Sul portale sinistro si vede San Michele Arcangelo, che atterra con la lancia il drago, simbolo del male. Il culto fu favorito dai Longobardi che, vinti i bizantini a Siponto nel 663, ne fecero il loro santo. San Michele, alla cui immagine è associato anche il culto dell’acqua, risulta custode dei monti e accompagnatore dei morti nell’oltretomba, ereditando le prerogative del pagano Mercurio che a tal compito appunto assolveva (in quest’ottica l’imbarcazione sottostante, emersa dallo strato di intonaco durante i lavori di restauro simbolizza l’ultimo viaggio). Sulla lunetta del portale destro una Madonna con Bambino, rappresentata secondo l’iconografia della Hodegetria – protettrice dei viandanti – mostra evidenti reminiscenze bizantine (l’assenza di sviluppo prospettico nella posizione delle gambe, la minuziosità delle decorazioni nelle vesti della Vergine e del Bambino) e presenta ancora tracce della policromia originaria.

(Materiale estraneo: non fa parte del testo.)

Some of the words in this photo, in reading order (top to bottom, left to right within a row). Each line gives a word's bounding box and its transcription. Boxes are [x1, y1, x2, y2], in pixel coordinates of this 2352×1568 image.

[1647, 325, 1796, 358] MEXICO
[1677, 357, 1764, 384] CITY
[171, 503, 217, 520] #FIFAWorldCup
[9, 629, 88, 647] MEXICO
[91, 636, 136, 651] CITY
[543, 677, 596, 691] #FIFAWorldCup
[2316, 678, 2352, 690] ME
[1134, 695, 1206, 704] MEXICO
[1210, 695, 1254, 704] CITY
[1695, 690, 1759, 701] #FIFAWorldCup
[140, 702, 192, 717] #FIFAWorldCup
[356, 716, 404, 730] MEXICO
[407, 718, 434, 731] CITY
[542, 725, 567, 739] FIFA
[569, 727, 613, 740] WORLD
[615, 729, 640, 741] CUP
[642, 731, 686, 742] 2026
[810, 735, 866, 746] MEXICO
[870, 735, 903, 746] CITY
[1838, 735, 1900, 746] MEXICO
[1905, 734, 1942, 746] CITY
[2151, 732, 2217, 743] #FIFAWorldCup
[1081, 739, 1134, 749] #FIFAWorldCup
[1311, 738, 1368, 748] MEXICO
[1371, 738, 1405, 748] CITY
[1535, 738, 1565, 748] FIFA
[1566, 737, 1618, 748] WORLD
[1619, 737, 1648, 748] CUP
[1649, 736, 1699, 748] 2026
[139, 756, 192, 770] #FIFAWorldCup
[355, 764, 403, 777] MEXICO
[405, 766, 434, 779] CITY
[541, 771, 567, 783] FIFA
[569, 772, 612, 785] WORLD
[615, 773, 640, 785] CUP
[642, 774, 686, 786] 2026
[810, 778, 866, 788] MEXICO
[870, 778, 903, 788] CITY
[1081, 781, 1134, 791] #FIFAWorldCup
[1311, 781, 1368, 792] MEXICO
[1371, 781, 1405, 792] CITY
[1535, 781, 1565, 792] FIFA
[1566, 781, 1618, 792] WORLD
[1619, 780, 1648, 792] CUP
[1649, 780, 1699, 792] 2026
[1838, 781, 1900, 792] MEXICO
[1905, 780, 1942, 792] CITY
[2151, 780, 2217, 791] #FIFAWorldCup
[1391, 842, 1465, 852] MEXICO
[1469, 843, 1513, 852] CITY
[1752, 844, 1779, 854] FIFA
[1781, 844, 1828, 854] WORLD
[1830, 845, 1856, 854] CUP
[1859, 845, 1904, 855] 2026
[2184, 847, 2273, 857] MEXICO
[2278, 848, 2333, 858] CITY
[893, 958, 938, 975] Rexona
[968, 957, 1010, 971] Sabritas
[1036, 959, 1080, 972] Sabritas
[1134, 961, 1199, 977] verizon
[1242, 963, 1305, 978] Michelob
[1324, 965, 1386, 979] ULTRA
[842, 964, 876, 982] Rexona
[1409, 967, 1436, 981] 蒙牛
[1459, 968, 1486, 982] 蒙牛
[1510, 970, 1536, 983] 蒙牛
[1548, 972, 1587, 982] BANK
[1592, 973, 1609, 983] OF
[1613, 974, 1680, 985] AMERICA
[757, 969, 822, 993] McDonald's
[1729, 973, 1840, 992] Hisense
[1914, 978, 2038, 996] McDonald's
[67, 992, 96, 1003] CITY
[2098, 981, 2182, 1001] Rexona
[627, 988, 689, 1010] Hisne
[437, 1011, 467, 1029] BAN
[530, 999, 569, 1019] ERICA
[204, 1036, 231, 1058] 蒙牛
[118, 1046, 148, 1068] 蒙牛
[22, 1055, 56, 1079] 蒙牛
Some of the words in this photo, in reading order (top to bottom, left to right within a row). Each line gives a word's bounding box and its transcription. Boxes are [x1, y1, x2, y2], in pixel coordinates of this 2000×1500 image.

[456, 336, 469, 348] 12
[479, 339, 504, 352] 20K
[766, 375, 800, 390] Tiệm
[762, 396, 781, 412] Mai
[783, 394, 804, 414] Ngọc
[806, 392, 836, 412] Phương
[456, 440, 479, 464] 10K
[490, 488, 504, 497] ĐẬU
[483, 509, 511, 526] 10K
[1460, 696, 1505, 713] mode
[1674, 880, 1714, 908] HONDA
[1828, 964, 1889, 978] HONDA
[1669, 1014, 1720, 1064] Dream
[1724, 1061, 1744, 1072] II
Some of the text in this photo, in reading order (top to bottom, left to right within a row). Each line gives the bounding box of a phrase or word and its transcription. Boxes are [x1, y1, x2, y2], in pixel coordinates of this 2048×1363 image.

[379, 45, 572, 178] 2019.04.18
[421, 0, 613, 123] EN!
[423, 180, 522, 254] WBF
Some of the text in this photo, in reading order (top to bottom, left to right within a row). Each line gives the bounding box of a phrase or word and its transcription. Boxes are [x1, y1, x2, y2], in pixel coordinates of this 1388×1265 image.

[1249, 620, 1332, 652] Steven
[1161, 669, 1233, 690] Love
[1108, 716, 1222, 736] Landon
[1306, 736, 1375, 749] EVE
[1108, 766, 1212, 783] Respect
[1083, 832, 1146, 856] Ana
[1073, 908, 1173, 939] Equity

La facciata della chiesa fu costruita durante il periodo di Leonate. Alla sua realizzazione, come a quella di altre parti della chiesa fatta con grande profusione di denaro, contribuirono schiere di maestri e di muratori provenienti da più parti, sicuramente dalla Puglia ma anche dalla Borgogna: si riconosce infatti nelle palme ad acroterio, nei capitelli a cesto del portico e in quelli figurati la mano di un valente maestro francese. Il leone di San Marco costituisce il punto di unione fra l’arcata di sinistra e quella centrale; la colonna su cui è posto aveva alla base un leone (tolto poi in un restauro ottocentesco) che era contrapposto all’altro alla destra dell’arco centrale. Nella simbologia cristiana il leone rappresenta il Cristo perché esso era il simbolo della tribù di Giuda, quella di Cristo appunto. L’arco centrale ha un listellino intagliato a dentelli sulla cornice più esterna, quindi delle decorazioni fitomorfe e, sull’arco più interno, da sinistra verso destra il Re David, più sopra Gioele (da identificarsi nell’abate, successore di Leonate, che fece edificare le porte in bronzo), poi un angelo, una disposizione di foglie di acanto e, di seguito, un agnello,  (nel martirologio di San Clemente l’agnello è accostato a questo santo a ricordo di un miracolo che compì in Cheroneso, quando fece scaturire una fonte d’acqua per i compagni di prigionia dai piedi di un agnello) e Salomone. Interessanti sono i capitelli delle colonne centrali che mostrano i dodici apostoli: opera di due diversi artisti, uno dei quali, quello meno bravo, circa vent’anni dopo, ha scolpito il portale di San Tommaso a Caramanico.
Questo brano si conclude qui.